Weatherford Democrat


March 24, 2013

NOW HEAR THIS: Seeing the world with our own eyes


While the genetics of our ancestors greatly influence our being, we are all significantly shaped and molded by our environment. Every aspect of where we lived, how we lived, and what we did during our time on earth has made an impression on every facet of our being.

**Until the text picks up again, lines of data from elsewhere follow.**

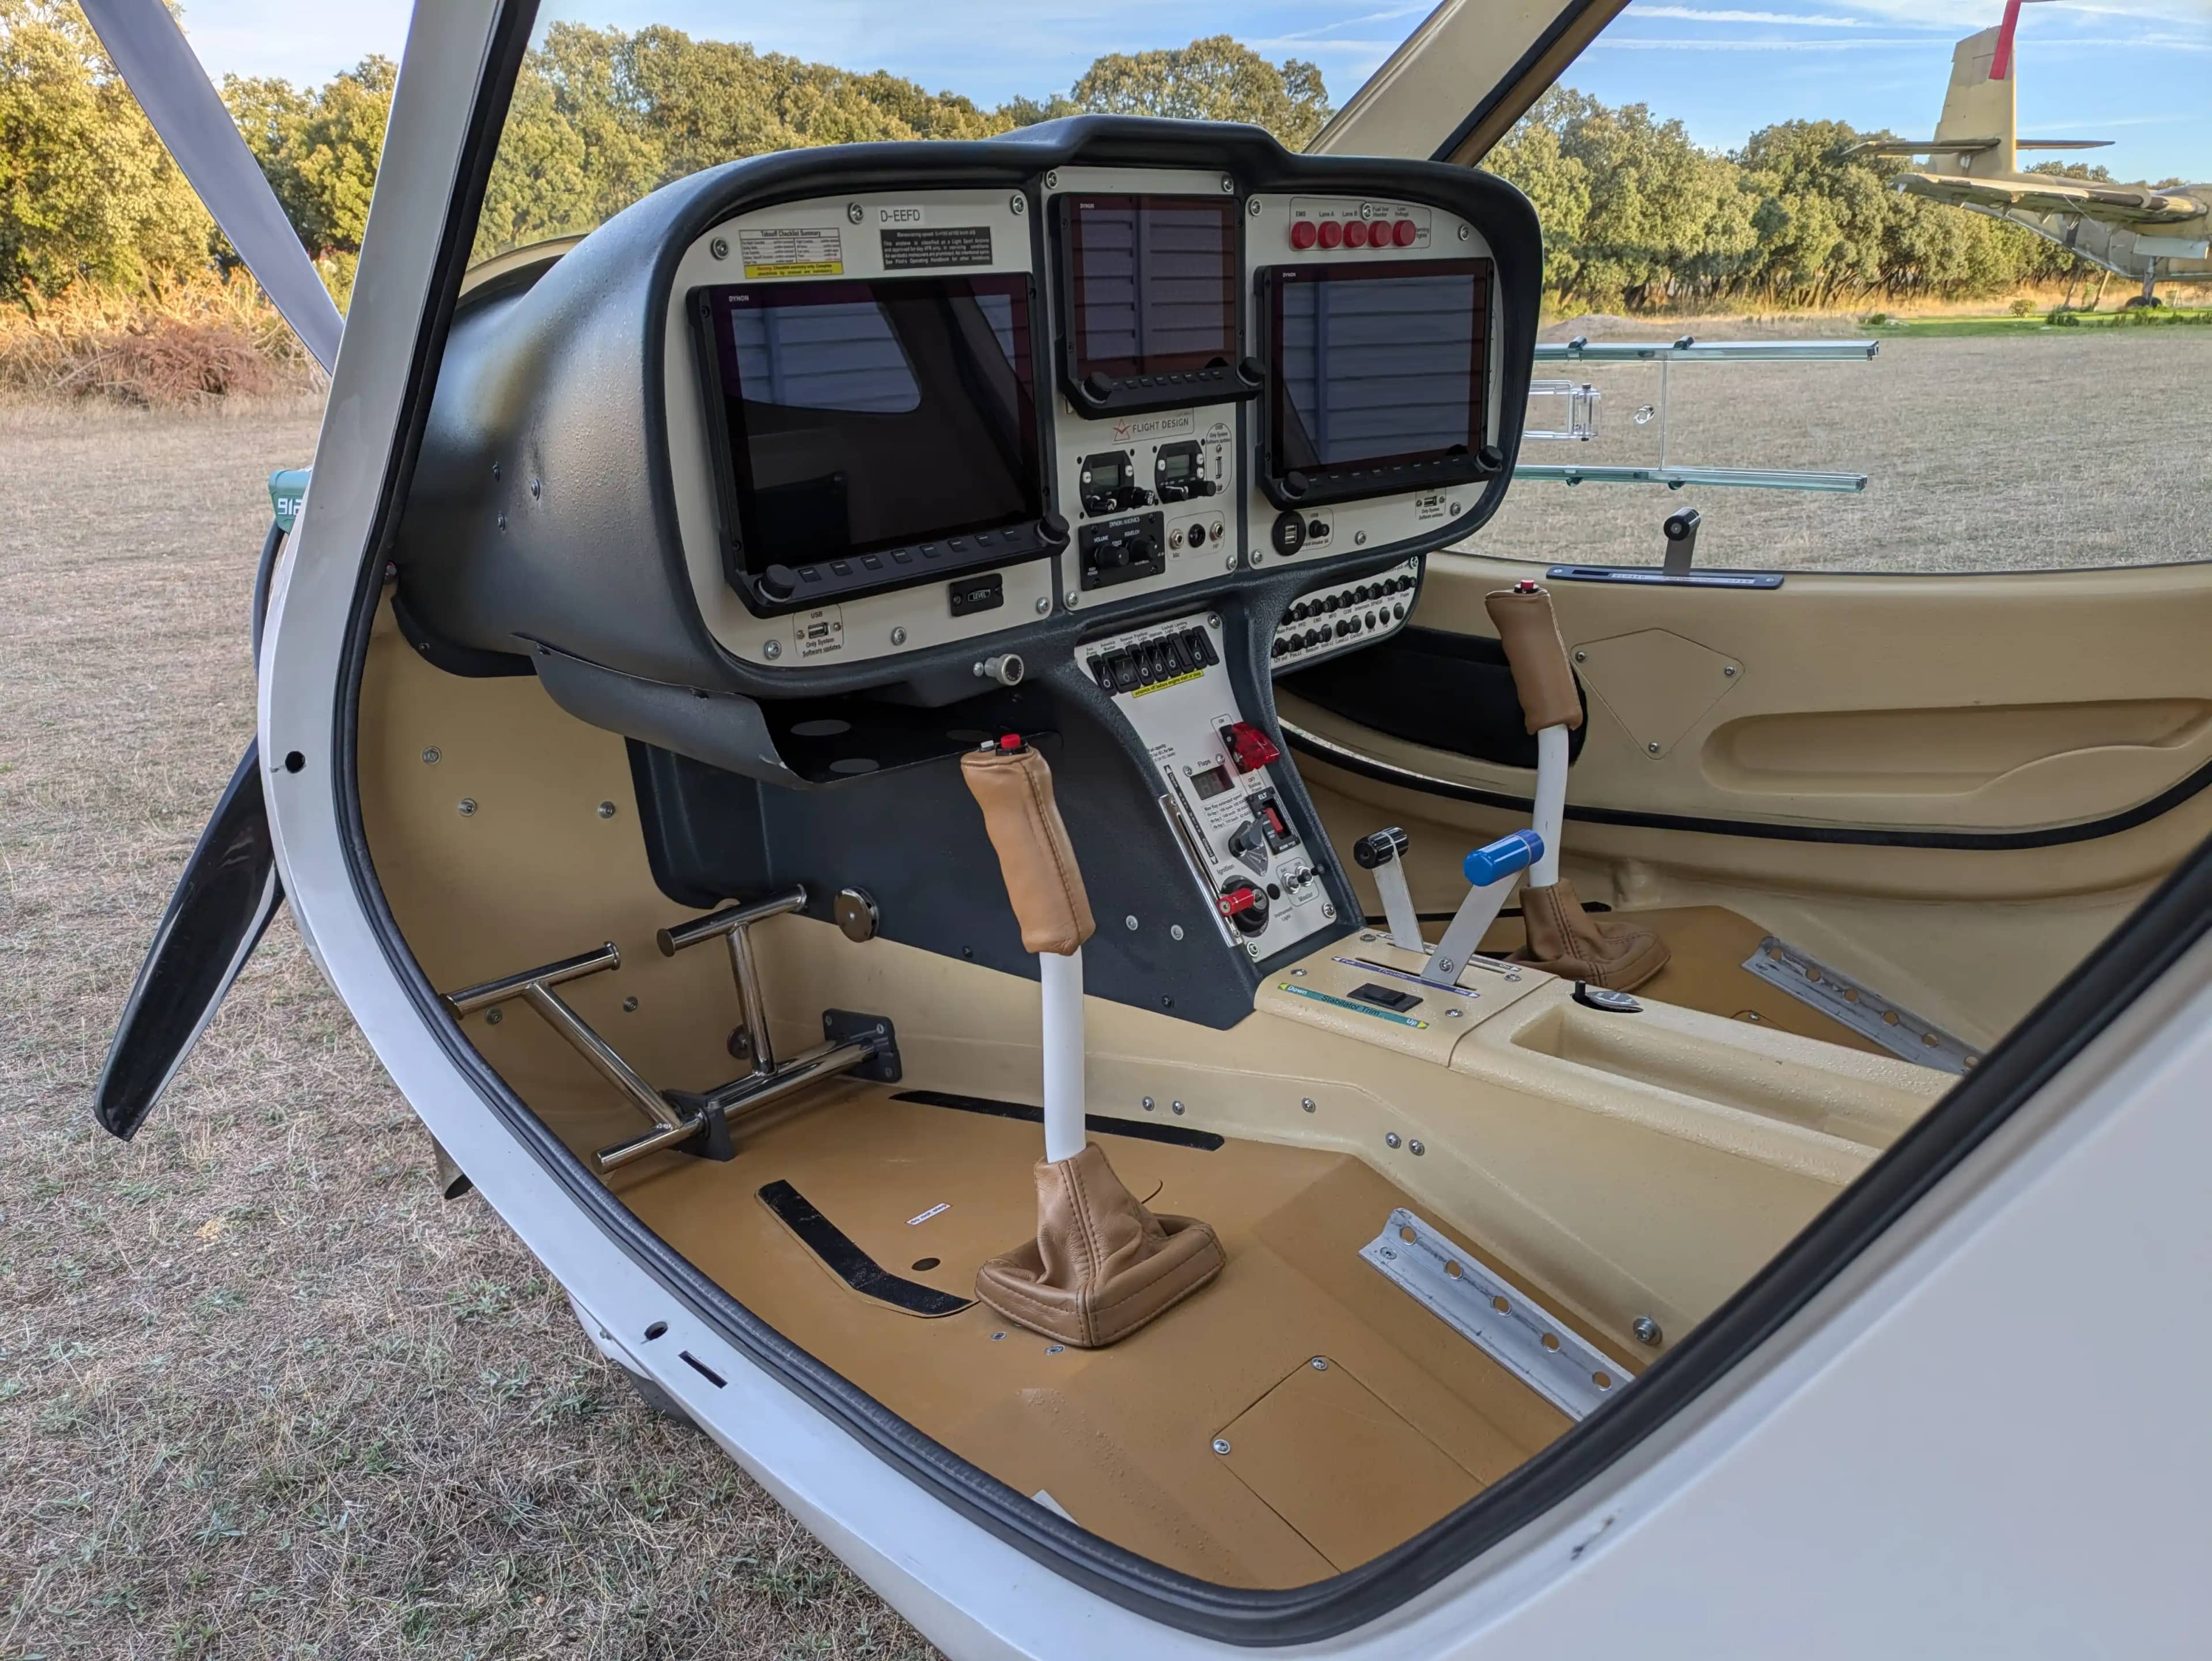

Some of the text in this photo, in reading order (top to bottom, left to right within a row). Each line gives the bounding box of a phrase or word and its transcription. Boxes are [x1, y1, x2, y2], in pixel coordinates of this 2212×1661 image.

[880, 210, 921, 222] D-EEFD
[1132, 418, 1189, 433] FLIGHT DESIGN
[1109, 516, 1140, 528] DYNON AVIONICS
[974, 592, 987, 600] LEVEL
[810, 611, 823, 619] USB
[802, 644, 842, 658] Software updates
[1197, 759, 1211, 767] Flaps
[1169, 773, 1178, 788] Open
[1257, 792, 1267, 800] ELT
[1202, 838, 1214, 857] Closed
[1217, 864, 1235, 875] Ignition
[1298, 892, 1313, 902] Master
[1377, 968, 1408, 979] Throttle
[1287, 985, 1308, 996] Down
[1321, 995, 1381, 1017] Stabilator Trim
[1406, 1018, 1418, 1026] Up

As a child living on Route One Millsap during the 1940s, my view of the world around me was extremely narrow. This world was a very small place. The books I read were mainly fairy tales or comic books – funny books as we called them. Television hadn’t been invented, and if you needed information, you looked it up in a reference book if you owned one. As for my family, all we had was a small Webster’s dictionary, although my parents did subscribe to a few magazines from time to time. Both of my parents enjoyed reading "Progressive Farmer," the "Texas Oklahoma Farmer Stockman" or "Capper’s Farmer."

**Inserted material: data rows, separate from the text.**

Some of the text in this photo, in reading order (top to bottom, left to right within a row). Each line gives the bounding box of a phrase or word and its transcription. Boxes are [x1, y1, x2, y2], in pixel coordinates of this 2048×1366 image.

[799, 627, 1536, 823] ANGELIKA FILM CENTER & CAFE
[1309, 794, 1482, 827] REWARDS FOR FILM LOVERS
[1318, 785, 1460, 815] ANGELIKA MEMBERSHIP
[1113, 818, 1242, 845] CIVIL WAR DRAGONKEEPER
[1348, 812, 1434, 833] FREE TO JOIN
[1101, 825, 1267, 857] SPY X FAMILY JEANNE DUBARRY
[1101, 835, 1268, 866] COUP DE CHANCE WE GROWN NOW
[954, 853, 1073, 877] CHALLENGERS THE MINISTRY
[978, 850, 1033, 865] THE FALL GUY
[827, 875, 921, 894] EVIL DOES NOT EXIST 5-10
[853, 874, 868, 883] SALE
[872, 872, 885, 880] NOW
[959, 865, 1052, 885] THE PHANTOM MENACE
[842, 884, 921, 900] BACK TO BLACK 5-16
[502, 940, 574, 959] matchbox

My first real journeys to learn of the world, although vicarious in nature, were my travels through the pages of National Geographic which my Aunt Flossie, a school teacher in Llano County, occasionally gave to me. Through beautiful color photographs on slick paper, I could witness all the exotic and majestic features that the world had to offer. I could ride tough Mongolian ponies across the steppes, shoot the rapids on the Columbia River, capture exotic snakes in the Amazon basin, or learn of the Anasazi cliff dwellers in the desert Southwest U.S. Until the advent of television, this was the only way to learn and marvel at the wonders of worlds so different from mine.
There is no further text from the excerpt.